Copy every entry verbatim and skip the pictures.

[Free-text object descriptions]
▬▬▬▬▬▬
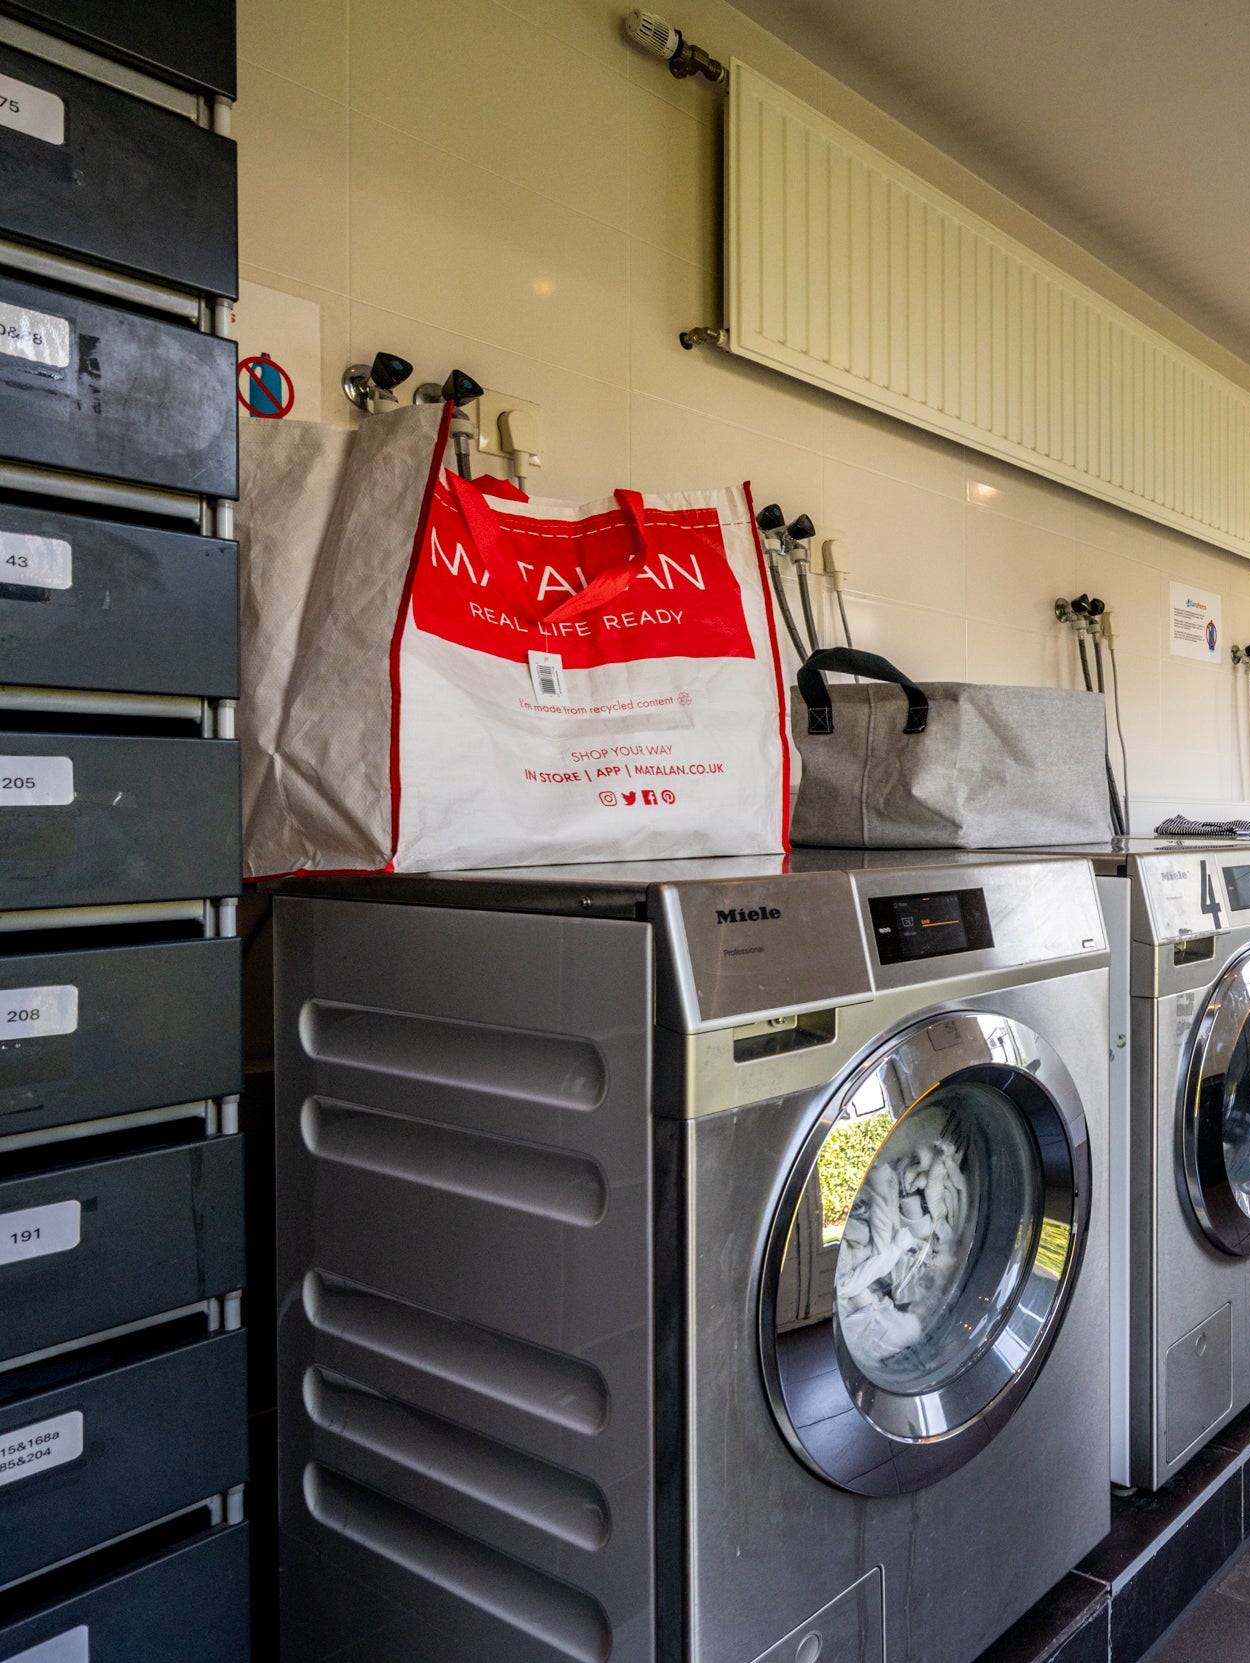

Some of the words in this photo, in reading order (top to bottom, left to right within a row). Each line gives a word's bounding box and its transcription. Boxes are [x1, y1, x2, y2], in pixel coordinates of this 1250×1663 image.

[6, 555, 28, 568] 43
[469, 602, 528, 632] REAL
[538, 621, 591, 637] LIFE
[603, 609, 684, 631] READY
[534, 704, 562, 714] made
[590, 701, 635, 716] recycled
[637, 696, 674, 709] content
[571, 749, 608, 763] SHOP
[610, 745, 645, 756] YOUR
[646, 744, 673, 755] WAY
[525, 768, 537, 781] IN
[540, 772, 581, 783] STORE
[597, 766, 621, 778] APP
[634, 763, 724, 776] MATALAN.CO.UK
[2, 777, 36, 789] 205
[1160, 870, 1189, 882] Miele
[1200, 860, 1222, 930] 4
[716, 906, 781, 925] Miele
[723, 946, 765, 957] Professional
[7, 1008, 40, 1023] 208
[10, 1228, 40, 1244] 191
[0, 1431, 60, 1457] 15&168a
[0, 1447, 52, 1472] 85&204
▬▬▬▬▬▬
- TASK ANSWER:
Some of the words in this photo, in reading order (top to bottom, left to right within a row). Each line gives a word's bounding box and its transcription. Boxes are [x1, y1, x2, y2], in pixel coordinates of this 1250×1663 image.

[6, 555, 28, 568] 43
[469, 602, 528, 632] REAL
[538, 621, 591, 637] LIFE
[603, 609, 684, 631] READY
[534, 704, 562, 714] made
[590, 701, 635, 716] recycled
[637, 696, 674, 709] content
[571, 749, 608, 763] SHOP
[610, 745, 645, 756] YOUR
[646, 744, 673, 755] WAY
[525, 768, 537, 781] IN
[540, 772, 581, 783] STORE
[597, 766, 621, 778] APP
[634, 763, 724, 776] MATALAN.CO.UK
[2, 777, 36, 789] 205
[1160, 870, 1189, 882] Miele
[1200, 860, 1222, 930] 4
[716, 906, 781, 925] Miele
[723, 946, 765, 957] Professional
[7, 1008, 40, 1023] 208
[10, 1228, 40, 1244] 191
[0, 1431, 60, 1457] 15&168a
[0, 1447, 52, 1472] 85&204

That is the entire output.